Only the last stretch of the records is wanted: restate word for word the line with "Some of the words" and every line after it.

Data provided: Begin

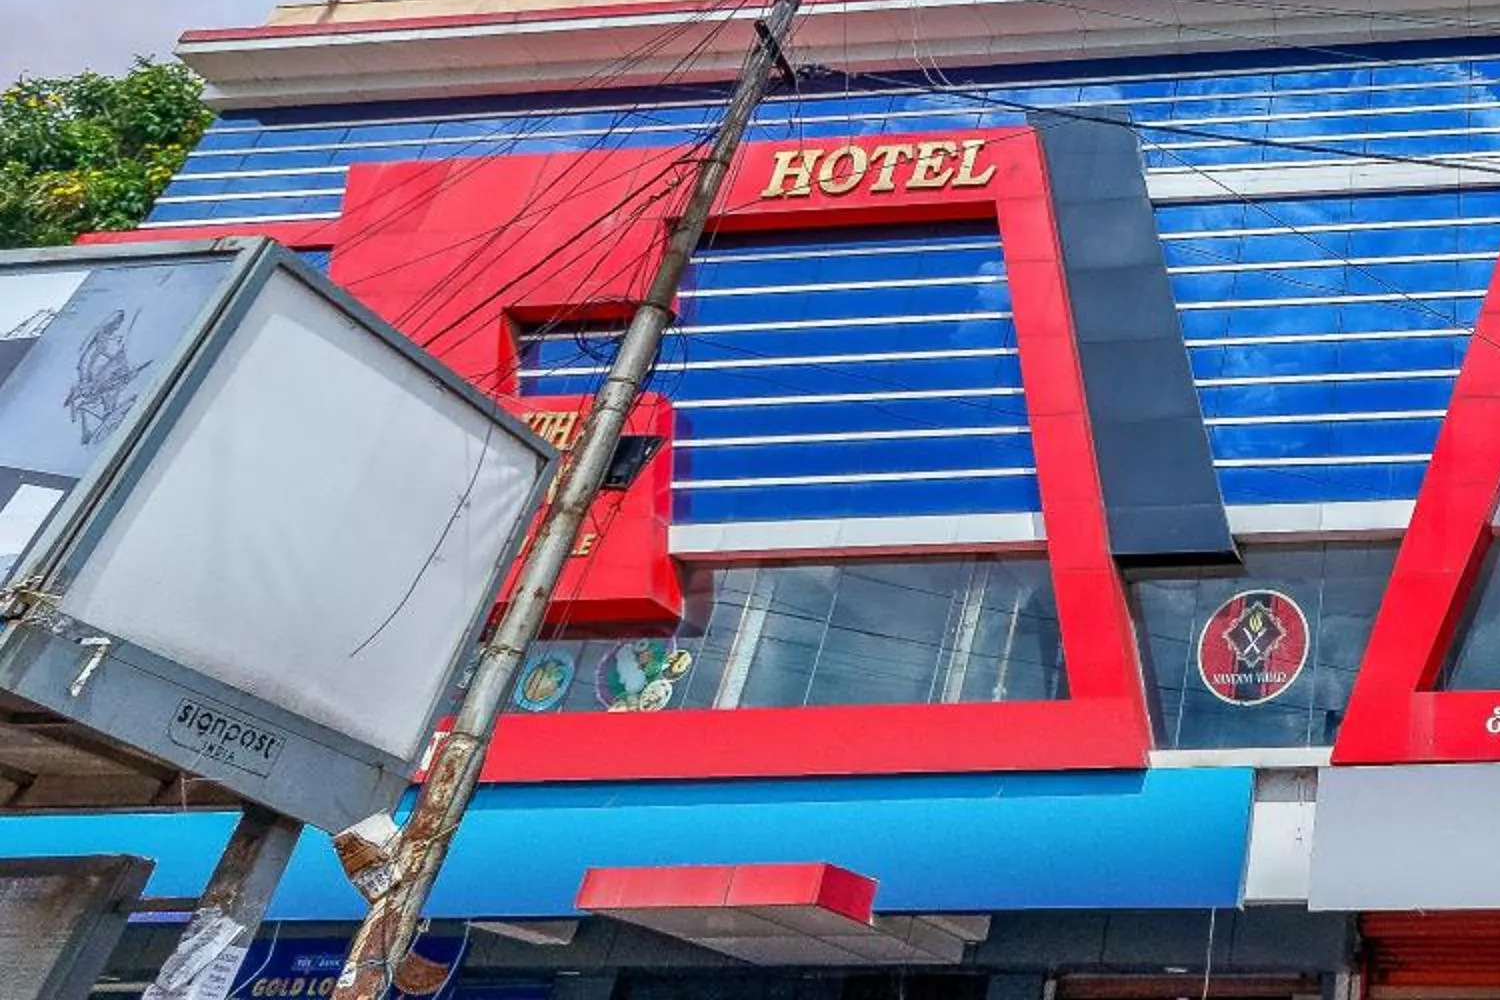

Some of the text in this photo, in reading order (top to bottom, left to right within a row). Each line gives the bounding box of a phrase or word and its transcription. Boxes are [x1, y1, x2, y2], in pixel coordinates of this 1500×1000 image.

[761, 139, 997, 200] HOTEL
[177, 704, 276, 760] signpost
[252, 976, 306, 997] GOLD
[307, 976, 338, 997] LO
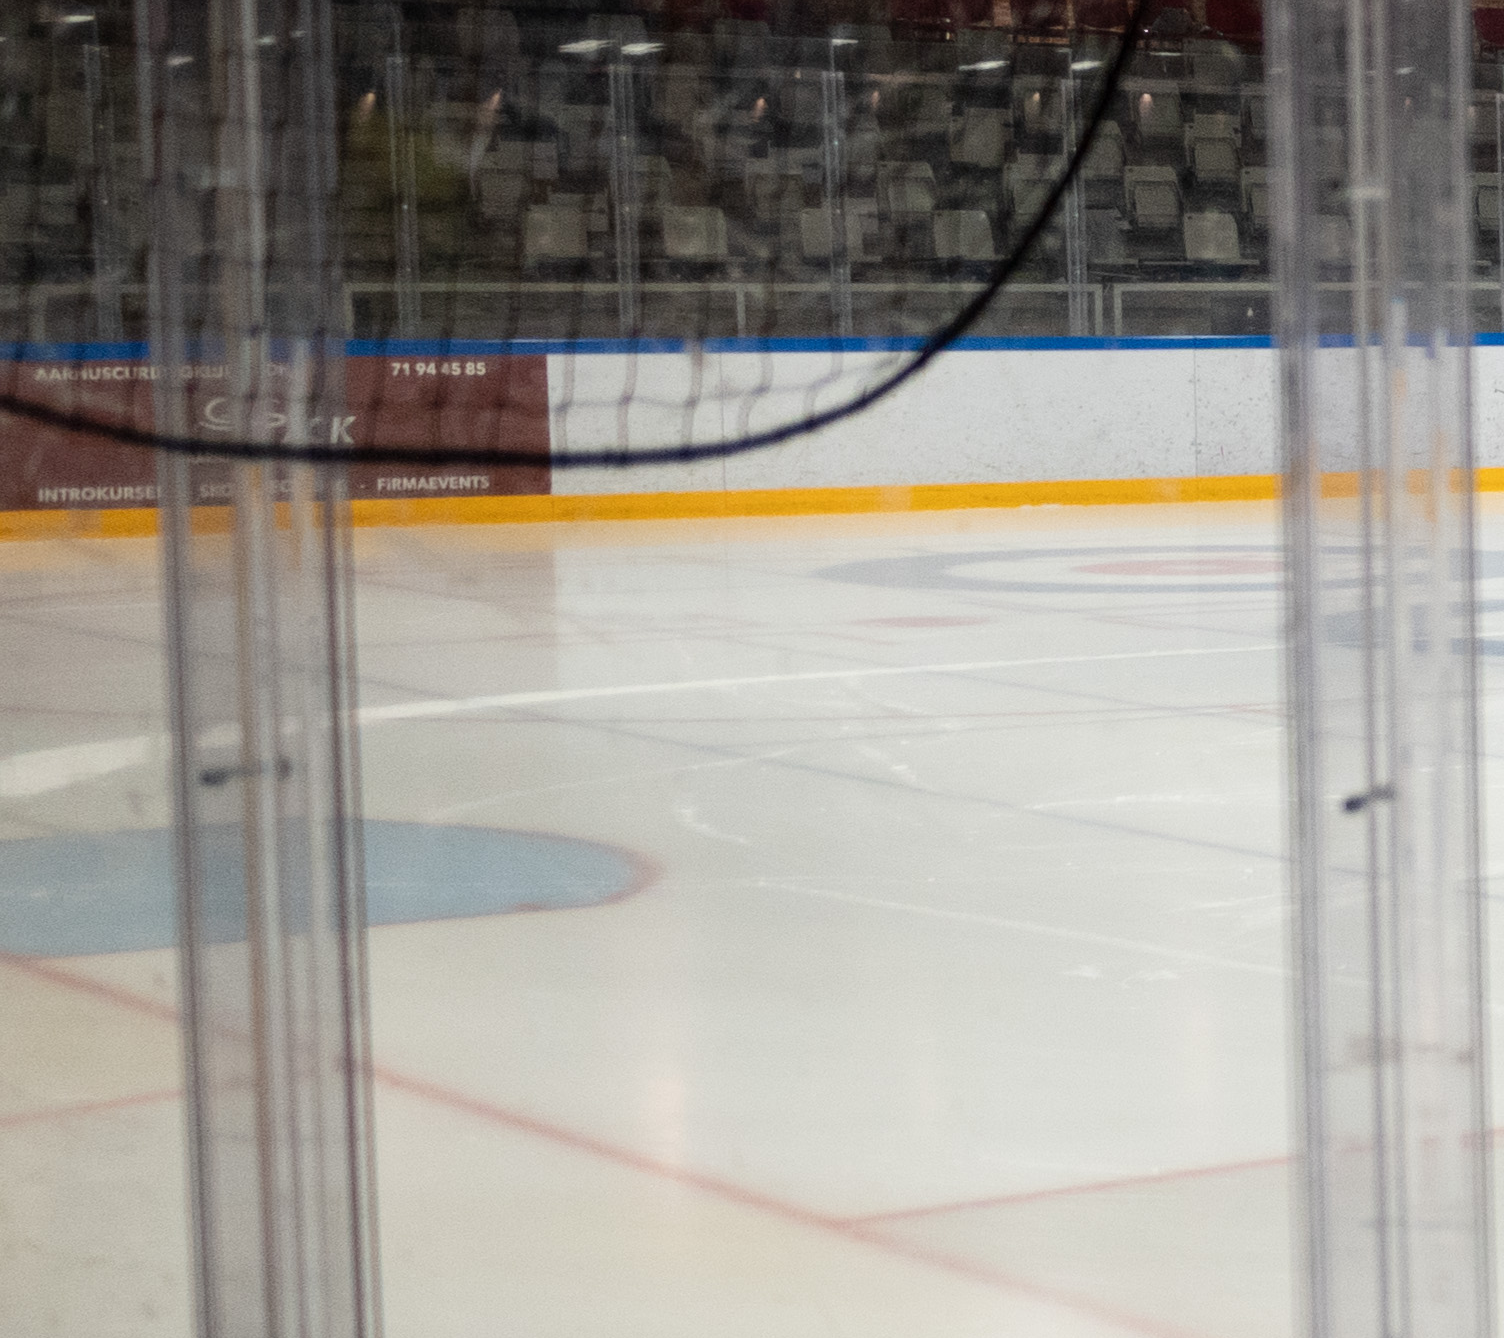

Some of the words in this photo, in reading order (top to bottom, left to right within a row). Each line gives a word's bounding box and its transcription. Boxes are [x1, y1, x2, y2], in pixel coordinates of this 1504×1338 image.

[391, 362, 411, 377] 71
[415, 362, 437, 377] 94
[465, 361, 487, 376] 85
[377, 475, 490, 492] FIRMAEVENTS

Data provided: End

• Exercise result:
Some of the words in this photo, in reading order (top to bottom, left to right within a row). Each line gives a word's bounding box and its transcription. Boxes are [x1, y1, x2, y2], in pixel coordinates of this 1504×1338 image.

[391, 362, 411, 377] 71
[415, 362, 437, 377] 94
[465, 361, 487, 376] 85
[377, 475, 490, 492] FIRMAEVENTS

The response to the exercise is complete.